Print the listing below in full. Alter nothing.
---------- RECORDED INFORMATION
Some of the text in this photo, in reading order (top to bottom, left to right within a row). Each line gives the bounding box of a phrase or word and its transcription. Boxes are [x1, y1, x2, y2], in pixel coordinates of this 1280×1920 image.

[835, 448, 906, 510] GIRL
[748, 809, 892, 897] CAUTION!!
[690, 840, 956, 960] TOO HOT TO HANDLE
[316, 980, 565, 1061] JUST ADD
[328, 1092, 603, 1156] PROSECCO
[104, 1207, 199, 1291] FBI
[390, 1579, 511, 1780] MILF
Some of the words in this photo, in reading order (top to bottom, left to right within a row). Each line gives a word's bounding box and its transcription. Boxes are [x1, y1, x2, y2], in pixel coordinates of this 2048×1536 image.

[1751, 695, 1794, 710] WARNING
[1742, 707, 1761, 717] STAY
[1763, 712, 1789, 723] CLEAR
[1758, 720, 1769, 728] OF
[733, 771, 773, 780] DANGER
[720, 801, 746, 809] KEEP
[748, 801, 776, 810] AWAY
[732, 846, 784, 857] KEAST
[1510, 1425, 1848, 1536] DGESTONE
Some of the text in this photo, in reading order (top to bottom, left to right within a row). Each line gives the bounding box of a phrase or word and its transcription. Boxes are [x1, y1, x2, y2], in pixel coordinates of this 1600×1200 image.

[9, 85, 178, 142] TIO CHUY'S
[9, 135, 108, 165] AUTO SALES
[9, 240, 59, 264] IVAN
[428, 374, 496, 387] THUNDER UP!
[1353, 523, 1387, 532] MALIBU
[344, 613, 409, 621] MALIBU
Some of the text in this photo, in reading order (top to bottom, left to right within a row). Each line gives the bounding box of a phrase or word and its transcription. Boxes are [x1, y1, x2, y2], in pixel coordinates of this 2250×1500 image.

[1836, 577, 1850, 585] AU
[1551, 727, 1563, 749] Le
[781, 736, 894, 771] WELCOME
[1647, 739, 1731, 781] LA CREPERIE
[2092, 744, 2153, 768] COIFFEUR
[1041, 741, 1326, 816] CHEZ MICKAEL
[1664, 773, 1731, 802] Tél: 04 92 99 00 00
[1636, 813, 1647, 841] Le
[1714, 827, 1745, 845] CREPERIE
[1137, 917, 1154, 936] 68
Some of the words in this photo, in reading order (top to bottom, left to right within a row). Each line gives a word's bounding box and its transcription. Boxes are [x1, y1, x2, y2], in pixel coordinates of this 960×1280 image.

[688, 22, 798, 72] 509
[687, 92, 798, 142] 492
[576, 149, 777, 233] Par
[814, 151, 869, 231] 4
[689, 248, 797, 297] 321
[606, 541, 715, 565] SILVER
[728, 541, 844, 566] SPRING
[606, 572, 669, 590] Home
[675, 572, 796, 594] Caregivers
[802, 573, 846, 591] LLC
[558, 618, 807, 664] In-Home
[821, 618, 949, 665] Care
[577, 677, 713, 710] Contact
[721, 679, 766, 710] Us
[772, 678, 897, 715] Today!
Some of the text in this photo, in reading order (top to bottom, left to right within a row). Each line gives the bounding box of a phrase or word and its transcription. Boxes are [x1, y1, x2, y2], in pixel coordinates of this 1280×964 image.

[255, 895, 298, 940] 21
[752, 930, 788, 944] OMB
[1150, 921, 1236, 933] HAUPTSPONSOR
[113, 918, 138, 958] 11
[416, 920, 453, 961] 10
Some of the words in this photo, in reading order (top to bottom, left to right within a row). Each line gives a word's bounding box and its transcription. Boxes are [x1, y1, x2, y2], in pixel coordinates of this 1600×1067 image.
--------------------
TASK SOLUTION:
Some of the text in this photo, in reading order (top to bottom, left to right within a row). Each line gives the bounding box of a phrase or word and its transcription. Boxes are [x1, y1, x2, y2], in pixel coordinates of this 1280×1920 image.

[835, 448, 906, 510] GIRL
[748, 809, 892, 897] CAUTION!!
[690, 840, 956, 960] TOO HOT TO HANDLE
[316, 980, 565, 1061] JUST ADD
[328, 1092, 603, 1156] PROSECCO
[104, 1207, 199, 1291] FBI
[390, 1579, 511, 1780] MILF
Some of the words in this photo, in reading order (top to bottom, left to right within a row). Each line gives a word's bounding box and its transcription. Boxes are [x1, y1, x2, y2], in pixel coordinates of this 2048×1536 image.

[1751, 695, 1794, 710] WARNING
[1742, 707, 1761, 717] STAY
[1763, 712, 1789, 723] CLEAR
[1758, 720, 1769, 728] OF
[733, 771, 773, 780] DANGER
[720, 801, 746, 809] KEEP
[748, 801, 776, 810] AWAY
[732, 846, 784, 857] KEAST
[1510, 1425, 1848, 1536] DGESTONE
Some of the text in this photo, in reading order (top to bottom, left to right within a row). Each line gives the bounding box of a phrase or word and its transcription. Boxes are [x1, y1, x2, y2], in pixel coordinates of this 1600×1200 image.

[9, 85, 178, 142] TIO CHUY'S
[9, 135, 108, 165] AUTO SALES
[9, 240, 59, 264] IVAN
[428, 374, 496, 387] THUNDER UP!
[1353, 523, 1387, 532] MALIBU
[344, 613, 409, 621] MALIBU
Some of the text in this photo, in reading order (top to bottom, left to right within a row). Each line gives the bounding box of a phrase or word and its transcription. Boxes are [x1, y1, x2, y2], in pixel coordinates of this 2250×1500 image.

[1836, 577, 1850, 585] AU
[1551, 727, 1563, 749] Le
[781, 736, 894, 771] WELCOME
[1647, 739, 1731, 781] LA CREPERIE
[2092, 744, 2153, 768] COIFFEUR
[1041, 741, 1326, 816] CHEZ MICKAEL
[1664, 773, 1731, 802] Tél: 04 92 99 00 00
[1636, 813, 1647, 841] Le
[1714, 827, 1745, 845] CREPERIE
[1137, 917, 1154, 936] 68
Some of the words in this photo, in reading order (top to bottom, left to right within a row). Each line gives a word's bounding box and its transcription. Boxes are [x1, y1, x2, y2], in pixel coordinates of this 960×1280 image.

[688, 22, 798, 72] 509
[687, 92, 798, 142] 492
[576, 149, 777, 233] Par
[814, 151, 869, 231] 4
[689, 248, 797, 297] 321
[606, 541, 715, 565] SILVER
[728, 541, 844, 566] SPRING
[606, 572, 669, 590] Home
[675, 572, 796, 594] Caregivers
[802, 573, 846, 591] LLC
[558, 618, 807, 664] In-Home
[821, 618, 949, 665] Care
[577, 677, 713, 710] Contact
[721, 679, 766, 710] Us
[772, 678, 897, 715] Today!
Some of the text in this photo, in reading order (top to bottom, left to right within a row). Each line gives the bounding box of a phrase or word and its transcription. Boxes are [x1, y1, x2, y2], in pixel coordinates of this 1280×964 image.

[255, 895, 298, 940] 21
[752, 930, 788, 944] OMB
[1150, 921, 1236, 933] HAUPTSPONSOR
[113, 918, 138, 958] 11
[416, 920, 453, 961] 10
Some of the words in this photo, in reading order (top to bottom, left to right within a row). Each line gives a word's bounding box and its transcription. Boxes are [x1, y1, x2, y2], in pixel coordinates of this 1600×1067 image.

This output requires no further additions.